There was only the 5-week survey period over the 8-week period that we were able to examine the animals brought in the wildlife rescue center as there were no animals brought in the wildlife rescue center in some week periods of observation. We surveyed a total of 57 animals brought in the wildlife rescue center over the study period. Of the total number of animals brought in the wildlife rescue center, 51 were birds and 6 were mammals. Table 1 shows the listing of animal species surveyed for ectoparasites in the wildlife rescue center over the study period. Most of the animal species that were brought in the wildlife rescue center were birds. The most common bird species was the African lovebird, and the most common mammal species brought in the rescue center was the long-tailed macaque.

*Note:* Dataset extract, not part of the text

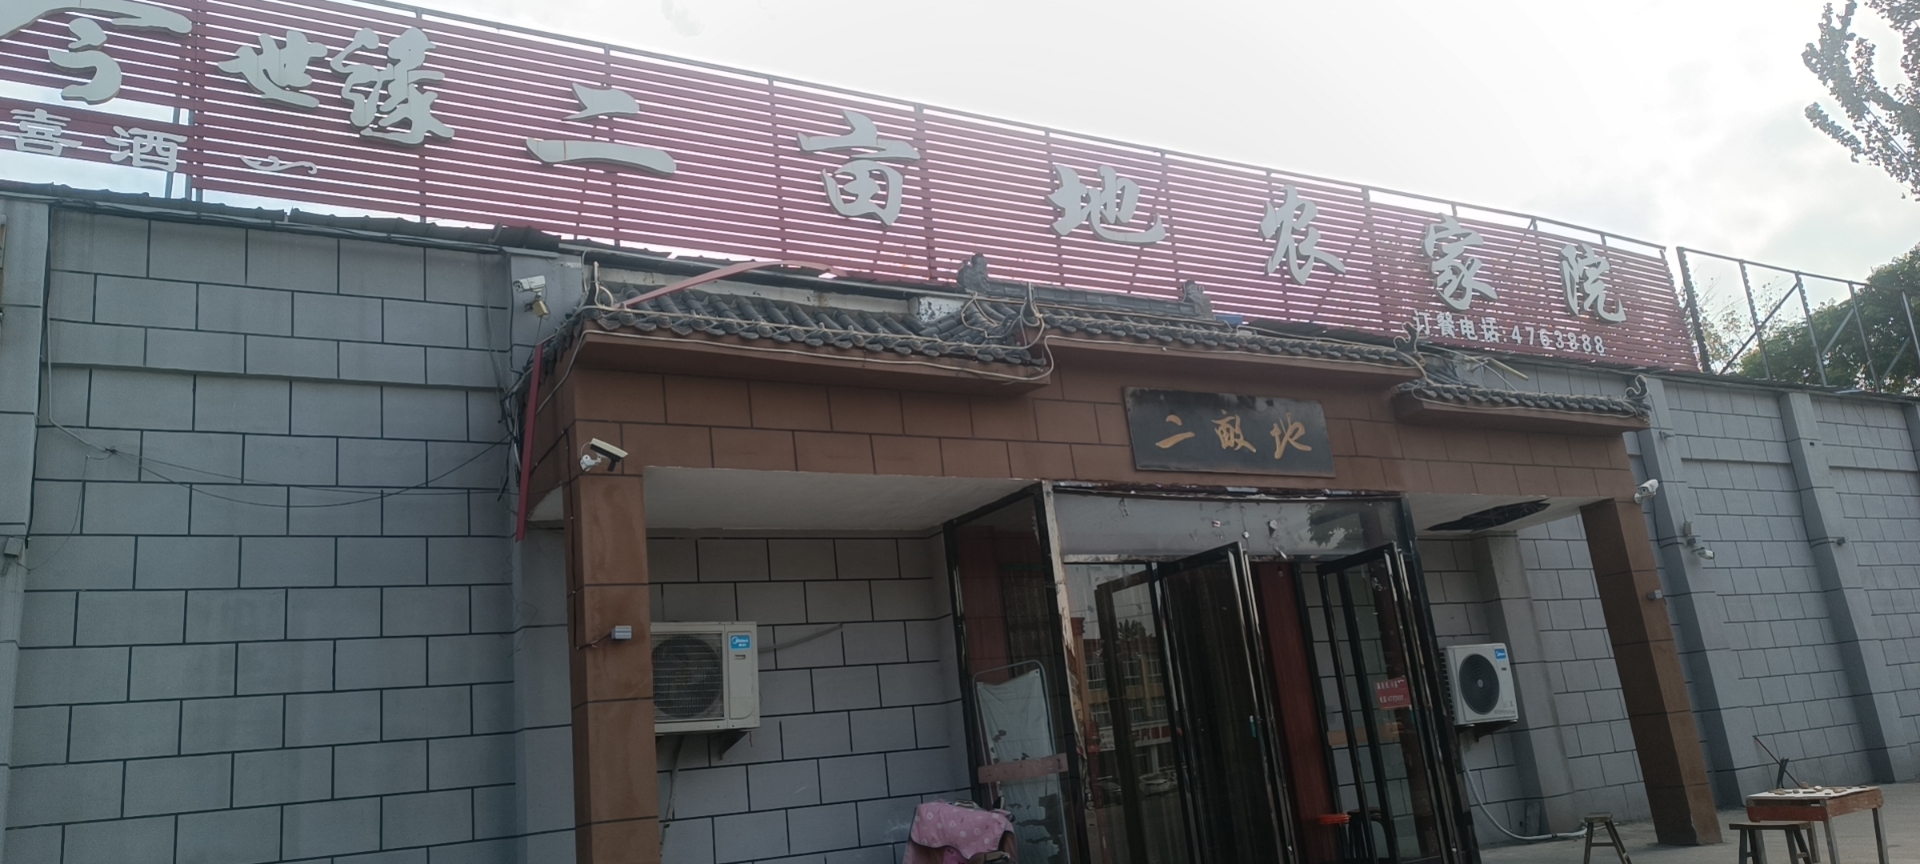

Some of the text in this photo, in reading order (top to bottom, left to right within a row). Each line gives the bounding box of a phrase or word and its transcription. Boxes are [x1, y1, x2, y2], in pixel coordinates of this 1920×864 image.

[0, 108, 187, 172] 喜酒
[526, 80, 1627, 324] 二亩地农家院

In all the animals examined, 53% was positive for ectoparasite infestation. Of the total number of animal species examined, about nine bird species and two mammal species were found to be infested with ectoparasites. Among the animal species that were infested, a total of 344 ectoparasites were recovered, of which 23 were lice and 321 were mites. All the lice obtained belonged to the Order Mallophaga. Only the quarantined mammals examined were infested with mites, whereas the quarantined birds were infested with both lice and mites. There were five genera groups of lice identified among the surveyed quarantined animals in the center, whereas the mites recovered belonged to five different genera wherein most of the mites belong to the Family Sarcoptidae.

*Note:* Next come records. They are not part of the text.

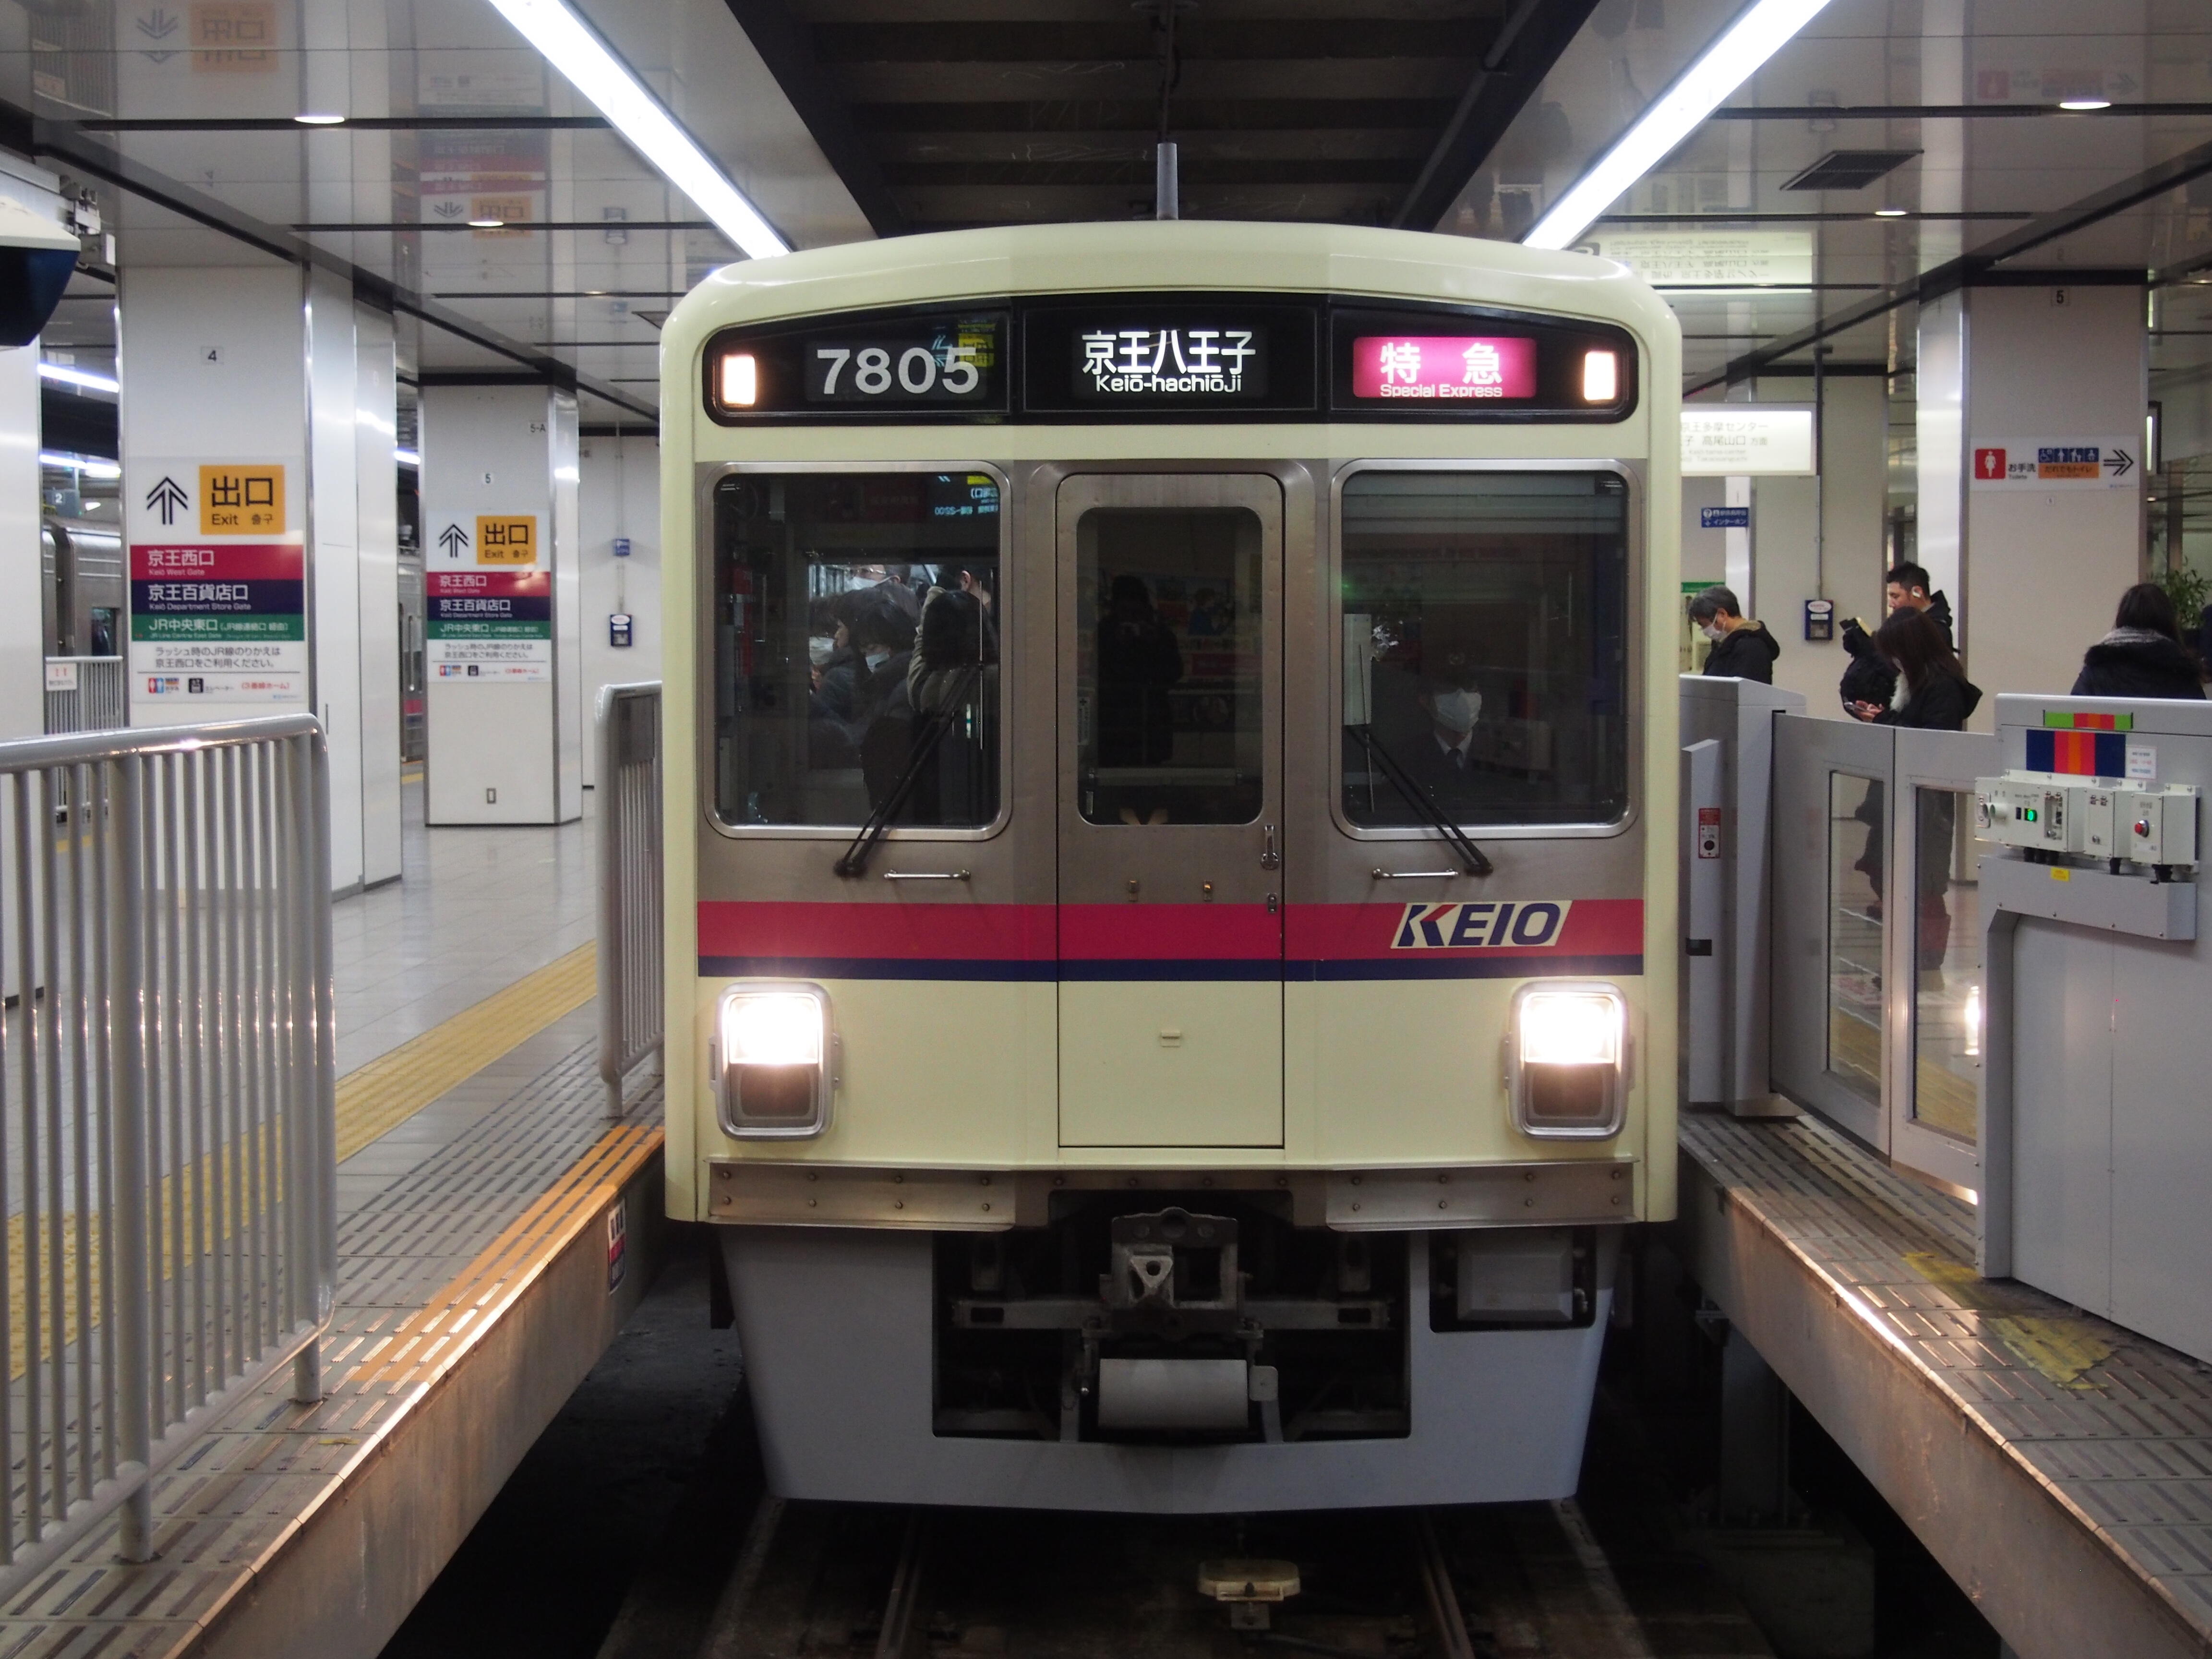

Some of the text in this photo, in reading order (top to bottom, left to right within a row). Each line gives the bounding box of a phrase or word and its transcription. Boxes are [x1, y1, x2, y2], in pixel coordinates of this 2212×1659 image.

[2056, 290, 2064, 304] 5
[208, 349, 216, 361] 4
[1082, 329, 1256, 375] 京王八王子
[817, 348, 979, 395] 7805
[1095, 374, 1242, 393] Keiō-hachiōji
[1380, 384, 1503, 398] Special Express
[1702, 436, 1746, 445] 高尾山口
[2008, 464, 2036, 473] お手洗
[485, 473, 492, 483] 5
[211, 476, 274, 507] 出口
[55, 493, 62, 504] 2
[212, 514, 238, 525] Exit
[484, 523, 529, 545] 出口
[147, 550, 214, 566] 京王西口
[485, 550, 504, 559] Exit
[440, 575, 487, 587] 京王西口
[148, 584, 248, 601] 京王百貨店口
[440, 599, 511, 611] 京王百貨店口
[149, 619, 218, 631] JR中央東口
[1398, 903, 1561, 946] KEIO

The most commonly isolated louse was the Menacanthus stramineus. The other lice seen in the quarantined birds in the center were Goniodes sp., Goniocotes sp., Menopon gallinae, and Lipeurus caponis. The Menacanthus stramineus was commonly observed on the regions of the host that were not densely feathered like the breast, thighs, and around the anus. There were some birds whose left and right wings were infested with Menacanthus stramineus. The Goniodes sp., on the other hand, was commonly observed in all regions of the host's body, including the host's extremities. The Goniocotes sp. was observed mostly in the wings where the down feathers are situated. Menopon gallinae was commonly occurring in the thigh, breast feathers, and wings of the birds. Lipeurus caponis was commonly observed at the ventral side of the host's primary wing feathers.
Five genera of mites were recovered from all the quarantined birds and mammals in the rescue center. In the quarantined birds examined, the most common mite was the Pterolichus sp. (41.3%), followed by the Megninia sp. (25.3%). Both of these mites were generally found on the surface of the feathers of the quarantined birds. The mites belonging to the genera Acarus sp. was found in a single quarantined mammal. The Bryobia sp. was found in a single quarantined bird, whereas the mite Glyciphagus sp. was present in both the quarantined bird and mammal examined in the rescue center. In the quarantined Philippine hawk eagle, the Glyciphagus sp. was present in the head region, whereas in the quarantined Philippine Tarsier, the Glyciphagus sp. was present in the extremities of the animal. The distribution of the ectoparasites in relation to their hosts is shown in Figure 1.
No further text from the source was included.